## ABOUT THIS EXERCISE
All of the data is to be set down again without alteration.

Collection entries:
+ + + +
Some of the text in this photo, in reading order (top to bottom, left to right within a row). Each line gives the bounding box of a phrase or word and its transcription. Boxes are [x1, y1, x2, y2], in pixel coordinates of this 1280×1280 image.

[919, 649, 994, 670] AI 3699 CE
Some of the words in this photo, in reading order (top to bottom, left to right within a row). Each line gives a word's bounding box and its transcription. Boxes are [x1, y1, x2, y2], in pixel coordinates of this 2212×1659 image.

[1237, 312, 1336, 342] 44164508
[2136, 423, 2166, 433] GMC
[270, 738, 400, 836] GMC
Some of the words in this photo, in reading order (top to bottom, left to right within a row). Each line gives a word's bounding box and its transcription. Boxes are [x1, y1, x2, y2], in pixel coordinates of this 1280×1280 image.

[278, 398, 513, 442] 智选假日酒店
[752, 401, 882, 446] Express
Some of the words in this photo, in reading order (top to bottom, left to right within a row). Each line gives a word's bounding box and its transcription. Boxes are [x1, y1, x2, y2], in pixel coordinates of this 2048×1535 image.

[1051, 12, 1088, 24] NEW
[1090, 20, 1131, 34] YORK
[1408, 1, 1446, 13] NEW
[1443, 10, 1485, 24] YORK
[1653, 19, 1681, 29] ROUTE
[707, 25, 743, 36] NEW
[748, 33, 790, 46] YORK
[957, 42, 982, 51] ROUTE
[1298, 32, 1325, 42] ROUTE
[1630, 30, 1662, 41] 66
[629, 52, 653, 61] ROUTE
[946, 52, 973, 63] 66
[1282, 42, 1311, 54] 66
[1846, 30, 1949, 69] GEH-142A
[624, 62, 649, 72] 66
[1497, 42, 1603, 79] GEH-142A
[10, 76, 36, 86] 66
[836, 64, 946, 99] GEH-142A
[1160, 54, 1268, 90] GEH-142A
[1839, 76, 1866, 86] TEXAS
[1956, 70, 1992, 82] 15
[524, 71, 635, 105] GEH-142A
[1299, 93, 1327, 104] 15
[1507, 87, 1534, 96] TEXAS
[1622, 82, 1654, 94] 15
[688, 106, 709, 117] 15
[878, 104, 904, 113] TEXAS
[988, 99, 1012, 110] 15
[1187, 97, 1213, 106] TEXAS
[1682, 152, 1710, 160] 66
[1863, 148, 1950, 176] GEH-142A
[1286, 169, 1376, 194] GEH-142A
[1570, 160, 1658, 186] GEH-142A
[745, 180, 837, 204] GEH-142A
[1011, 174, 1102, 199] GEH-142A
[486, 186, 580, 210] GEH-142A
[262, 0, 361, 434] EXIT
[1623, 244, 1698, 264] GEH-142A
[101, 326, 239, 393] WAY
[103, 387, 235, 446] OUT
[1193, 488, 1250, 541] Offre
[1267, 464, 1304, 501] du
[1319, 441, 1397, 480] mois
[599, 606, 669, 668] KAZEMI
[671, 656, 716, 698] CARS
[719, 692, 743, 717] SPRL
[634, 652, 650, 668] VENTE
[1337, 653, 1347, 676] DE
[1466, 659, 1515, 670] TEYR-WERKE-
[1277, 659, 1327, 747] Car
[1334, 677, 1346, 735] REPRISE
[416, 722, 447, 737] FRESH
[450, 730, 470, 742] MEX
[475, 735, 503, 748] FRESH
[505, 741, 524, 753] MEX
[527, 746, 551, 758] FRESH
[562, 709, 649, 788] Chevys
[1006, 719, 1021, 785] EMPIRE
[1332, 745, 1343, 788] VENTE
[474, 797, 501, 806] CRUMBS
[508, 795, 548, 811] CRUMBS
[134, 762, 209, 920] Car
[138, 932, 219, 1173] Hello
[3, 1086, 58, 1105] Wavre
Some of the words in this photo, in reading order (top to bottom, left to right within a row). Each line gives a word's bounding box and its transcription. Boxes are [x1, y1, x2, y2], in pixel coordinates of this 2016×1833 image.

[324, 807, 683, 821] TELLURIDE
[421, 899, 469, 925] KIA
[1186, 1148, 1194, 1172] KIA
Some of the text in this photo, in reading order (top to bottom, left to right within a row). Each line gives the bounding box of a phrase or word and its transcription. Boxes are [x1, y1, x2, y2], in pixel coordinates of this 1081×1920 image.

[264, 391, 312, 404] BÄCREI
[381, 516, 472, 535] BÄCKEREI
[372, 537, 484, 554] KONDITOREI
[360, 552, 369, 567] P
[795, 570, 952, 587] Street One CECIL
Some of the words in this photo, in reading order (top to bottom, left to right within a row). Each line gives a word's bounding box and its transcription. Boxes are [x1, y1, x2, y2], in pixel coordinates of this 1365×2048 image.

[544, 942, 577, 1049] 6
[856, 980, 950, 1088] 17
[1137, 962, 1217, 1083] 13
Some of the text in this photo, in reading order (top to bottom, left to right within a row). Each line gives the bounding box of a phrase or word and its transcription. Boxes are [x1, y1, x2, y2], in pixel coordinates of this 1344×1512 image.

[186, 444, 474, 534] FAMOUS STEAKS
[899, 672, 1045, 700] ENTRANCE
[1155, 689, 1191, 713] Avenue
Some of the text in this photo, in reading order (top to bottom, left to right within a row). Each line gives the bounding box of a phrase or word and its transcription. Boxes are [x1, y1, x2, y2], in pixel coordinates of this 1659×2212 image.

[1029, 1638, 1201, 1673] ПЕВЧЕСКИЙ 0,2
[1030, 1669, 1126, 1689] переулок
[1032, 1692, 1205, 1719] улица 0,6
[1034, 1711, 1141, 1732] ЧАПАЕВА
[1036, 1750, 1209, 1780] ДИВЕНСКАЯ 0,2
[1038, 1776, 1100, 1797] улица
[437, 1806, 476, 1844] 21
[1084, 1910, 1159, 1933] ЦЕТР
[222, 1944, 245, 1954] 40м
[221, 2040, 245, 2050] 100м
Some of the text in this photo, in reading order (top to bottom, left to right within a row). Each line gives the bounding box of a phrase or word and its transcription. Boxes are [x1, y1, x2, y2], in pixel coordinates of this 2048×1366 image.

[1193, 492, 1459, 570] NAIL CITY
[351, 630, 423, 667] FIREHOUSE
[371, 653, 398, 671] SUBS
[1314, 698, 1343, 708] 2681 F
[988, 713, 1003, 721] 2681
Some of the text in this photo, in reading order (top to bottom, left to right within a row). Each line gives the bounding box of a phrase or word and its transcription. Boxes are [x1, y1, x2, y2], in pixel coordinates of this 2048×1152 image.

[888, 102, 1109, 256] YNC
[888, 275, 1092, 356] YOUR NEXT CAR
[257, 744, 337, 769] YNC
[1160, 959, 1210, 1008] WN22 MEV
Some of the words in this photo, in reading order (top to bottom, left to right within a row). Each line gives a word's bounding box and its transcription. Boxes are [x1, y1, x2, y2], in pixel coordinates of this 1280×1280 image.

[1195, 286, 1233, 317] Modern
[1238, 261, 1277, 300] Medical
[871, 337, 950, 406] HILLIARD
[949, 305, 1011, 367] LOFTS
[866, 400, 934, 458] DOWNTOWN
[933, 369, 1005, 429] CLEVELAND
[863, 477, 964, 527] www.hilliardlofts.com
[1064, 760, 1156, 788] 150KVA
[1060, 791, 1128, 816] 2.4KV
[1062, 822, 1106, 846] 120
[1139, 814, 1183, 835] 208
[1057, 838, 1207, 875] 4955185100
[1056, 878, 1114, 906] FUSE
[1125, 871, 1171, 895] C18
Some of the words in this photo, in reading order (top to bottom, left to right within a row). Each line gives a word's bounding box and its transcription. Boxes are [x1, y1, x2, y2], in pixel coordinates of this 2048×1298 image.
+ + + +
## RESULT
Some of the text in this photo, in reading order (top to bottom, left to right within a row). Each line gives the bounding box of a phrase or word and its transcription. Boxes are [x1, y1, x2, y2], in pixel coordinates of this 1280×1280 image.

[919, 649, 994, 670] AI 3699 CE
Some of the words in this photo, in reading order (top to bottom, left to right within a row). Each line gives a word's bounding box and its transcription. Boxes are [x1, y1, x2, y2], in pixel coordinates of this 2212×1659 image.

[1237, 312, 1336, 342] 44164508
[2136, 423, 2166, 433] GMC
[270, 738, 400, 836] GMC
Some of the words in this photo, in reading order (top to bottom, left to right within a row). Each line gives a word's bounding box and its transcription. Boxes are [x1, y1, x2, y2], in pixel coordinates of this 1280×1280 image.

[278, 398, 513, 442] 智选假日酒店
[752, 401, 882, 446] Express
Some of the words in this photo, in reading order (top to bottom, left to right within a row). Each line gives a word's bounding box and its transcription. Boxes are [x1, y1, x2, y2], in pixel coordinates of this 2048×1535 image.

[1051, 12, 1088, 24] NEW
[1090, 20, 1131, 34] YORK
[1408, 1, 1446, 13] NEW
[1443, 10, 1485, 24] YORK
[1653, 19, 1681, 29] ROUTE
[707, 25, 743, 36] NEW
[748, 33, 790, 46] YORK
[957, 42, 982, 51] ROUTE
[1298, 32, 1325, 42] ROUTE
[1630, 30, 1662, 41] 66
[629, 52, 653, 61] ROUTE
[946, 52, 973, 63] 66
[1282, 42, 1311, 54] 66
[1846, 30, 1949, 69] GEH-142A
[624, 62, 649, 72] 66
[1497, 42, 1603, 79] GEH-142A
[10, 76, 36, 86] 66
[836, 64, 946, 99] GEH-142A
[1160, 54, 1268, 90] GEH-142A
[1839, 76, 1866, 86] TEXAS
[1956, 70, 1992, 82] 15
[524, 71, 635, 105] GEH-142A
[1299, 93, 1327, 104] 15
[1507, 87, 1534, 96] TEXAS
[1622, 82, 1654, 94] 15
[688, 106, 709, 117] 15
[878, 104, 904, 113] TEXAS
[988, 99, 1012, 110] 15
[1187, 97, 1213, 106] TEXAS
[1682, 152, 1710, 160] 66
[1863, 148, 1950, 176] GEH-142A
[1286, 169, 1376, 194] GEH-142A
[1570, 160, 1658, 186] GEH-142A
[745, 180, 837, 204] GEH-142A
[1011, 174, 1102, 199] GEH-142A
[486, 186, 580, 210] GEH-142A
[262, 0, 361, 434] EXIT
[1623, 244, 1698, 264] GEH-142A
[101, 326, 239, 393] WAY
[103, 387, 235, 446] OUT
[1193, 488, 1250, 541] Offre
[1267, 464, 1304, 501] du
[1319, 441, 1397, 480] mois
[599, 606, 669, 668] KAZEMI
[671, 656, 716, 698] CARS
[719, 692, 743, 717] SPRL
[634, 652, 650, 668] VENTE
[1337, 653, 1347, 676] DE
[1466, 659, 1515, 670] TEYR-WERKE-
[1277, 659, 1327, 747] Car
[1334, 677, 1346, 735] REPRISE
[416, 722, 447, 737] FRESH
[450, 730, 470, 742] MEX
[475, 735, 503, 748] FRESH
[505, 741, 524, 753] MEX
[527, 746, 551, 758] FRESH
[562, 709, 649, 788] Chevys
[1006, 719, 1021, 785] EMPIRE
[1332, 745, 1343, 788] VENTE
[474, 797, 501, 806] CRUMBS
[508, 795, 548, 811] CRUMBS
[134, 762, 209, 920] Car
[138, 932, 219, 1173] Hello
[3, 1086, 58, 1105] Wavre
Some of the words in this photo, in reading order (top to bottom, left to right within a row). Each line gives a word's bounding box and its transcription. Boxes are [x1, y1, x2, y2], in pixel coordinates of this 2016×1833 image.

[324, 807, 683, 821] TELLURIDE
[421, 899, 469, 925] KIA
[1186, 1148, 1194, 1172] KIA
Some of the text in this photo, in reading order (top to bottom, left to right within a row). Each line gives the bounding box of a phrase or word and its transcription. Boxes are [x1, y1, x2, y2], in pixel coordinates of this 1081×1920 image.

[264, 391, 312, 404] BÄCREI
[381, 516, 472, 535] BÄCKEREI
[372, 537, 484, 554] KONDITOREI
[360, 552, 369, 567] P
[795, 570, 952, 587] Street One CECIL
Some of the words in this photo, in reading order (top to bottom, left to right within a row). Each line gives a word's bounding box and its transcription. Boxes are [x1, y1, x2, y2], in pixel coordinates of this 1365×2048 image.

[544, 942, 577, 1049] 6
[856, 980, 950, 1088] 17
[1137, 962, 1217, 1083] 13
Some of the text in this photo, in reading order (top to bottom, left to right within a row). Each line gives the bounding box of a phrase or word and its transcription. Boxes are [x1, y1, x2, y2], in pixel coordinates of this 1344×1512 image.

[186, 444, 474, 534] FAMOUS STEAKS
[899, 672, 1045, 700] ENTRANCE
[1155, 689, 1191, 713] Avenue
Some of the text in this photo, in reading order (top to bottom, left to right within a row). Each line gives the bounding box of a phrase or word and its transcription. Boxes are [x1, y1, x2, y2], in pixel coordinates of this 1659×2212 image.

[1029, 1638, 1201, 1673] ПЕВЧЕСКИЙ 0,2
[1030, 1669, 1126, 1689] переулок
[1032, 1692, 1205, 1719] улица 0,6
[1034, 1711, 1141, 1732] ЧАПАЕВА
[1036, 1750, 1209, 1780] ДИВЕНСКАЯ 0,2
[1038, 1776, 1100, 1797] улица
[437, 1806, 476, 1844] 21
[1084, 1910, 1159, 1933] ЦЕТР
[222, 1944, 245, 1954] 40м
[221, 2040, 245, 2050] 100м
Some of the text in this photo, in reading order (top to bottom, left to right within a row). Each line gives the bounding box of a phrase or word and its transcription. Boxes are [x1, y1, x2, y2], in pixel coordinates of this 2048×1366 image.

[1193, 492, 1459, 570] NAIL CITY
[351, 630, 423, 667] FIREHOUSE
[371, 653, 398, 671] SUBS
[1314, 698, 1343, 708] 2681 F
[988, 713, 1003, 721] 2681
Some of the text in this photo, in reading order (top to bottom, left to right within a row). Each line gives the bounding box of a phrase or word and its transcription. Boxes are [x1, y1, x2, y2], in pixel coordinates of this 2048×1152 image.

[888, 102, 1109, 256] YNC
[888, 275, 1092, 356] YOUR NEXT CAR
[257, 744, 337, 769] YNC
[1160, 959, 1210, 1008] WN22 MEV
Some of the words in this photo, in reading order (top to bottom, left to right within a row). Each line gives a word's bounding box and its transcription. Boxes are [x1, y1, x2, y2], in pixel coordinates of this 1280×1280 image.

[1195, 286, 1233, 317] Modern
[1238, 261, 1277, 300] Medical
[871, 337, 950, 406] HILLIARD
[949, 305, 1011, 367] LOFTS
[866, 400, 934, 458] DOWNTOWN
[933, 369, 1005, 429] CLEVELAND
[863, 477, 964, 527] www.hilliardlofts.com
[1064, 760, 1156, 788] 150KVA
[1060, 791, 1128, 816] 2.4KV
[1062, 822, 1106, 846] 120
[1139, 814, 1183, 835] 208
[1057, 838, 1207, 875] 4955185100
[1056, 878, 1114, 906] FUSE
[1125, 871, 1171, 895] C18
Some of the words in this photo, in reading order (top to bottom, left to right within a row). Each line gives a word's bounding box and its transcription. Boxes are [x1, y1, x2, y2], in pixel coordinates of this 2048×1298 image.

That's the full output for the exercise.